Fr. Lazar Arasu, the Director of Don Bosco Palabek Refugee Services. Credit: Courtesy

Schools attended by refugees in Uganda have registered a low turnout of students as learners continue to throng the country’s various learning institutions that reopened on Monday, January 10 after nearly two years of closure.

Fr. Lazar Arasu, the chaplain in charge of pastoral work at Don Bosco Palabek Refugee Services, which runs a number of learning institutions in Uganda’s Catholic Archdiocese of Gulu, told ACI Africa that some refugee settlement camps in the country may have lost more than half their registered students, with an attendance of as low as 44 percent.

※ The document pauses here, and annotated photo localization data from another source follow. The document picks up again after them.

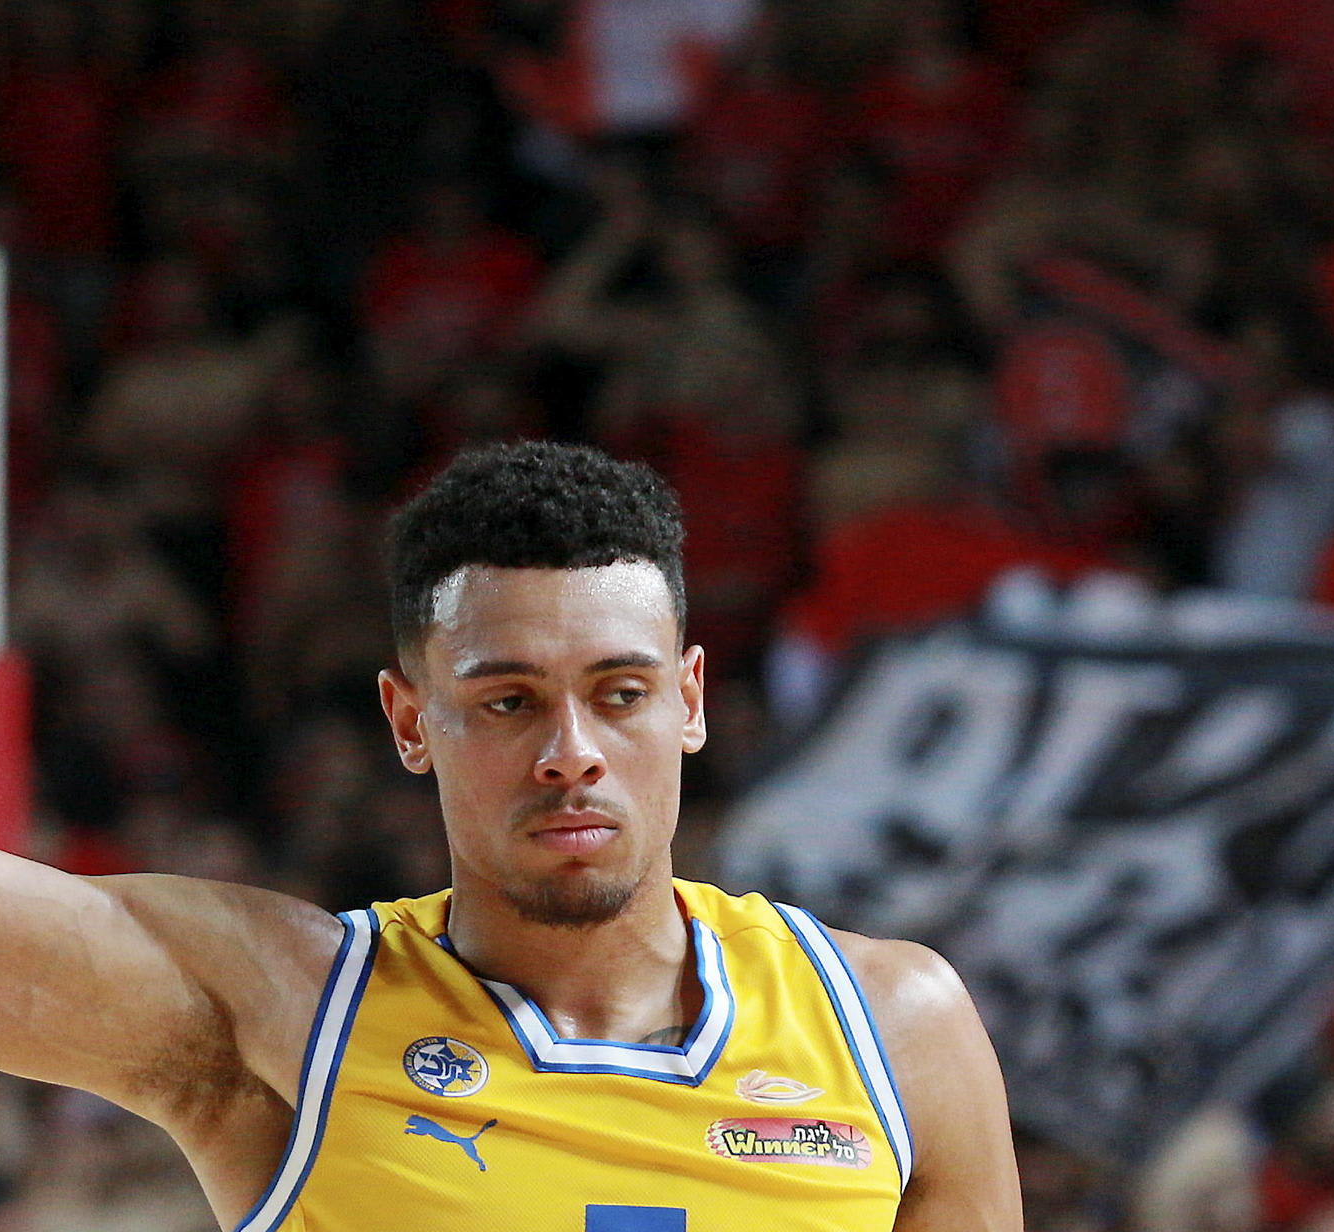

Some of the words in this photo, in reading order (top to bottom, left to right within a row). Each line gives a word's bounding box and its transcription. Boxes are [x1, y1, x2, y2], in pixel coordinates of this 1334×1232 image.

[723, 1129, 831, 1157] Winner
[832, 1141, 855, 1161] סל
[794, 1124, 829, 1143] ליגת
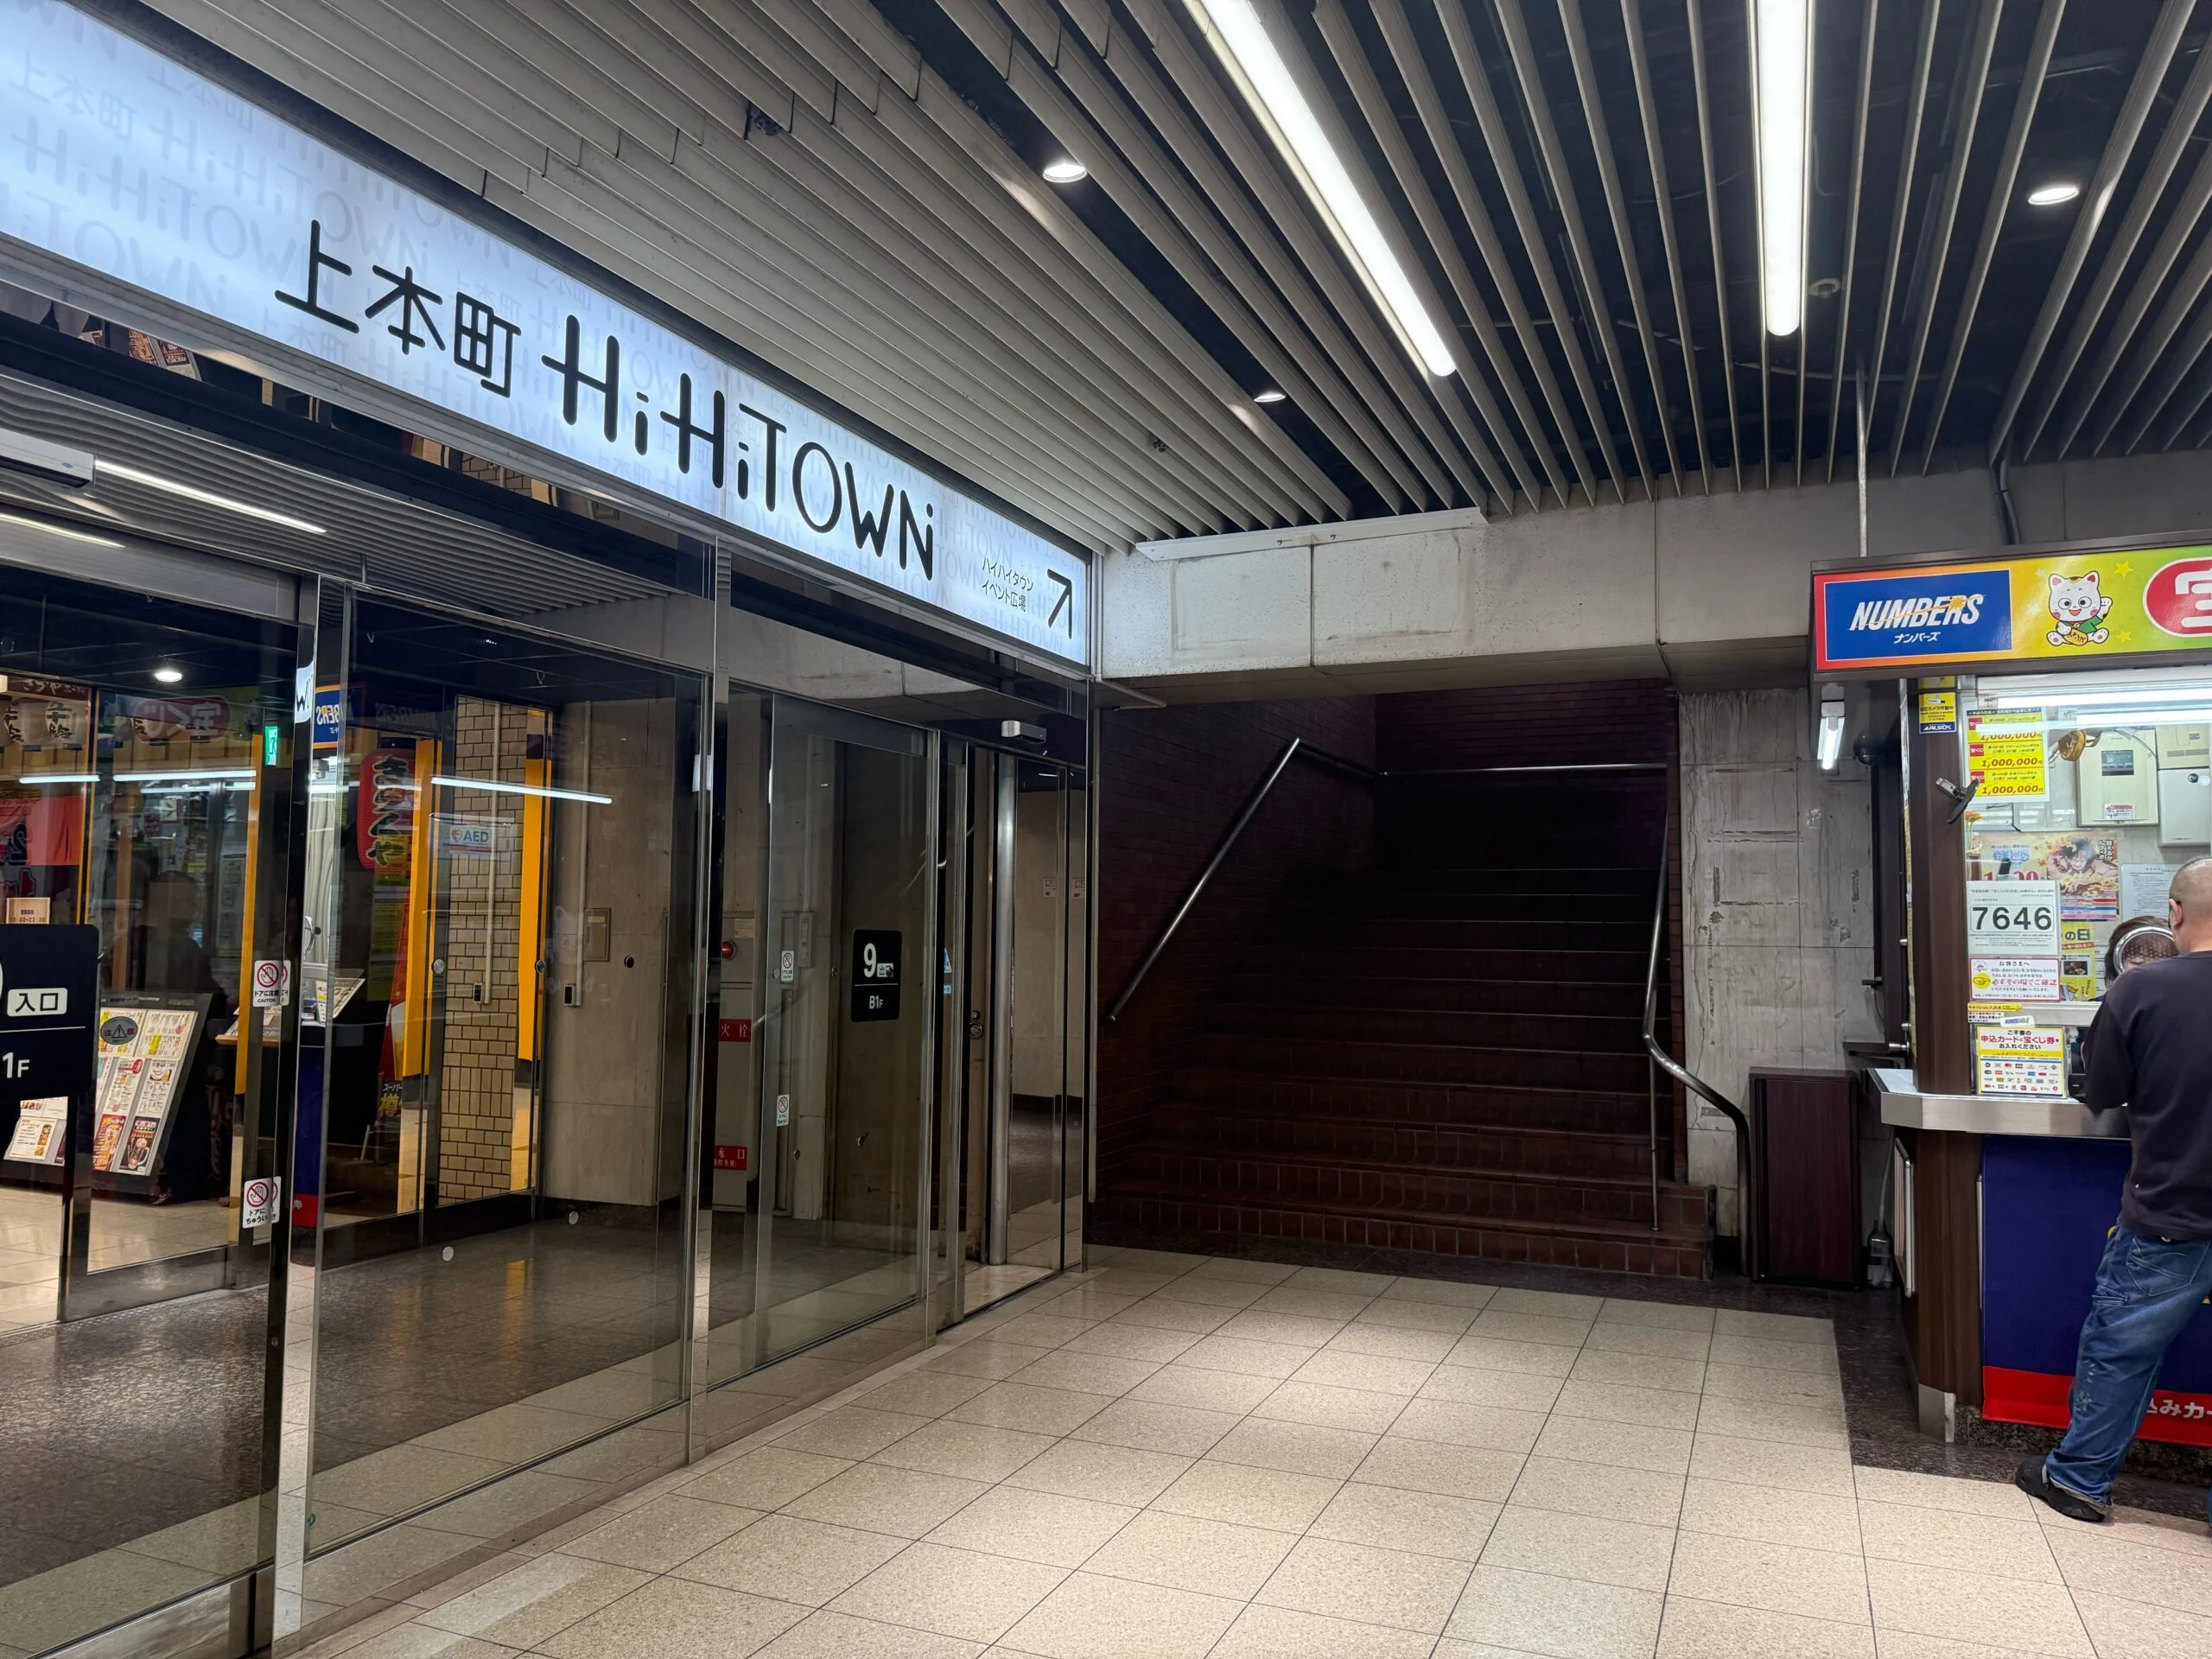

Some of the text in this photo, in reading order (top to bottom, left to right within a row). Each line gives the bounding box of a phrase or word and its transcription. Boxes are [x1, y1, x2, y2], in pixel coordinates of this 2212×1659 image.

[274, 219, 522, 398] 上本町
[982, 557, 1034, 591] ハイハイタウン
[982, 580, 1027, 613] イベント広場
[1849, 594, 1985, 632] NUMBERS
[1893, 631, 1941, 644] ナンバーズ
[463, 830, 489, 842] AED
[1972, 906, 2052, 931] 7646
[2062, 929, 2090, 940] の日
[864, 943, 877, 978] 9
[15, 992, 60, 1013] 入口
[868, 995, 884, 1009] B1F
[2, 1052, 30, 1080] 1F
[2146, 1397, 2212, 1419] みカ

The member of the Salesians of Don Bosco (SDB) said that while a negligible percentage of learners from well-to-do families continued with online studies when schools in Uganda were closed in March 2020 in adherence to COVID-19 restrictions, many children, especially from poor backgrounds including refugees, ditched studies.

“Refugee Settlement camps are registering low turn up of students since Monday (January 10) when the schools were reopened. A few camps register only 44 percent of reporting (students),” Fr. Arasu told ACI Africa on Thursday, January 13.

He said that the 22-month closure of schools in the East African nation, which has been described as the world’s lengthiest has presented a lot of challenges for parents and caregivers who will now struggle to enroll their children back to class.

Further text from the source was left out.